Acuicultura 2025: Recuperación de Chile
En Estados Unidos, se prevé que los aranceles altos y el aumento de los costos de vida limiten el poder adquisitivo de los consumidores, lo que afectaría directamente la demanda de especies cultivadas de alto valor, como el salmón y el camarón. Ante este panorama, los exportadores podrían buscar mercados más estables, como la Unión Europea, para mantener la estabilidad en sus ventas. Esta incertidumbre podría generar presiones adicionales sobre las expectativas de demanda, especialmente en un entorno tan competitivo.
En cuanto a la producción, se espera que el salmón experimente una expansión, impulsada principalmente por una fuerte recuperación en Chile. Sin embargo, Noruega podría enfrentar desafíos biológicos y ambientales, como el aumento de la temperatura marina y la proliferación de algas, que limitarían su capacidad de producción.
Por otro lado, el sector del camarón, que en los primeros meses de 2025 mostró un impulso positivo, podría adoptar una estrategia de producción más cautelosa, con el fin de evitar la sobreoferta que podría presionar a la baja los precios.
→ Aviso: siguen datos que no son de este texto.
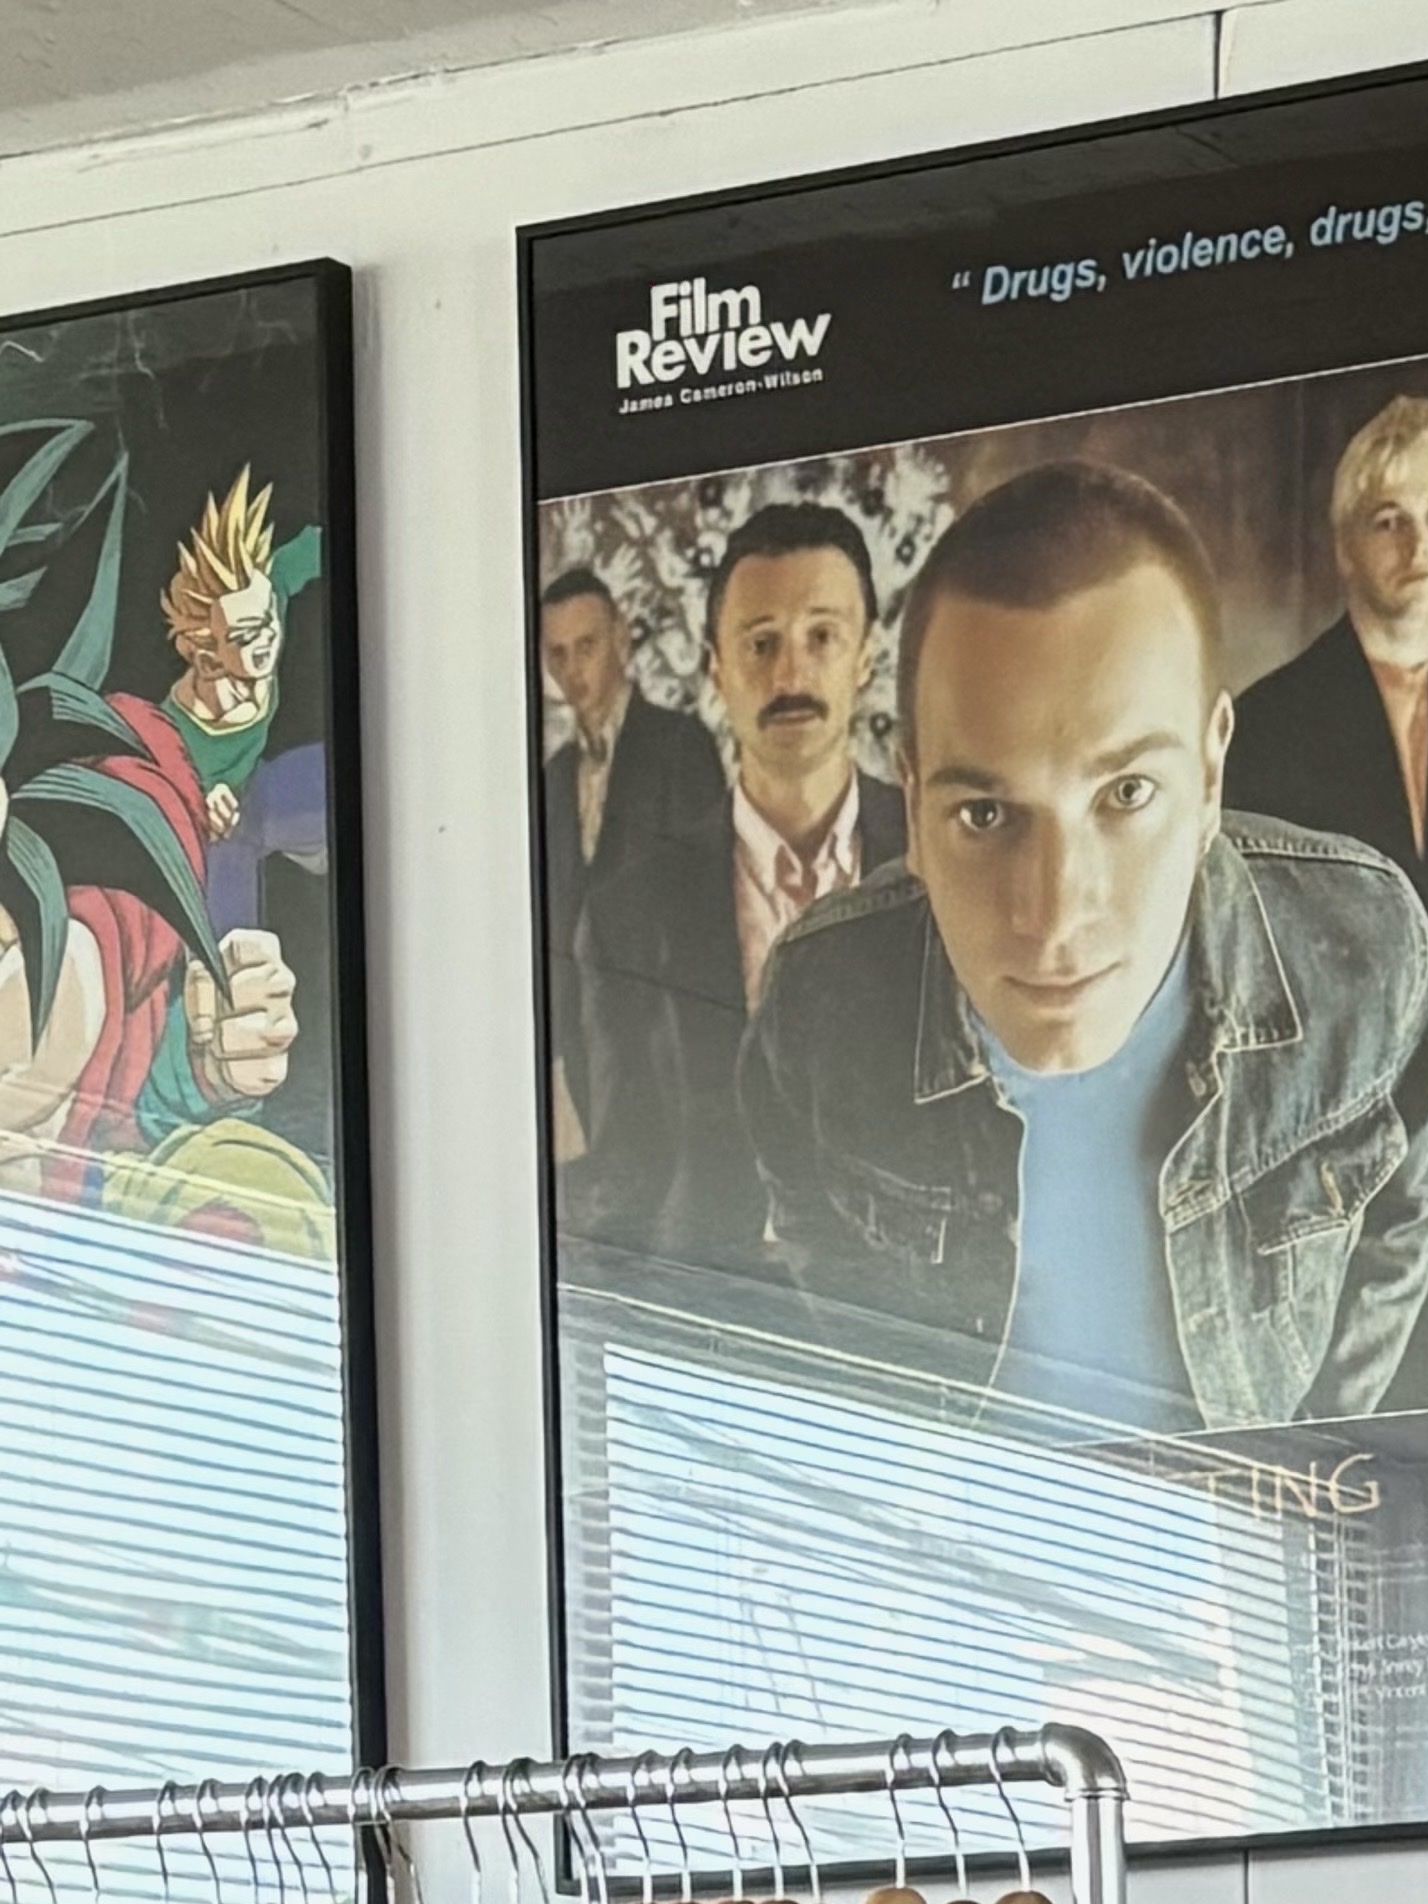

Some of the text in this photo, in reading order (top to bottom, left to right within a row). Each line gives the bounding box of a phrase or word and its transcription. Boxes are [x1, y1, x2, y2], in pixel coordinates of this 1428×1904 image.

[1121, 223, 1295, 281] violence,
[650, 276, 762, 342] Film
[616, 312, 832, 390] Review
[618, 394, 673, 415] James
En India, la reducción de la actividad de almacenamiento es probable debido a las altas temperaturas, el aumento de los costos de insumos y la incertidumbre comercial. Mientras tanto, en Ecuador, las exportaciones de camarón podrían desacelerarse si la demanda de EE. UU. disminuye por las tensiones arancelarias.
La estabilidad de la harina de pescado como alivio para la acuicultura
En este contexto de volatilidad, el sector de los alimentos podría ofrecer un respiro parcial. Con una cuota de anchoveta de Perú en su punto más alto en siete años, la industria de harina y aceite de pescado se beneficiará de un suministro fuerte durante la segunda mitad del año. Si bien los precios de la harina de soja tienden a bajar, la alta demanda de acuicultura, particularmente en la producción de salmón, podría mantener los precios de la harina de pescado por encima de los promedios históricos, lo que aportaría un alivio modesto a los márgenes de la industria.
Con estos cambios en la dinámica comercial y la producción, el futuro de la acuicultura mundial sigue siendo incierto, pero la solidez en la oferta, junto con un mercado de alimentos relativamente estable, podrían ayudar a mitigar las presiones externas durante el segundo semestre de 2025.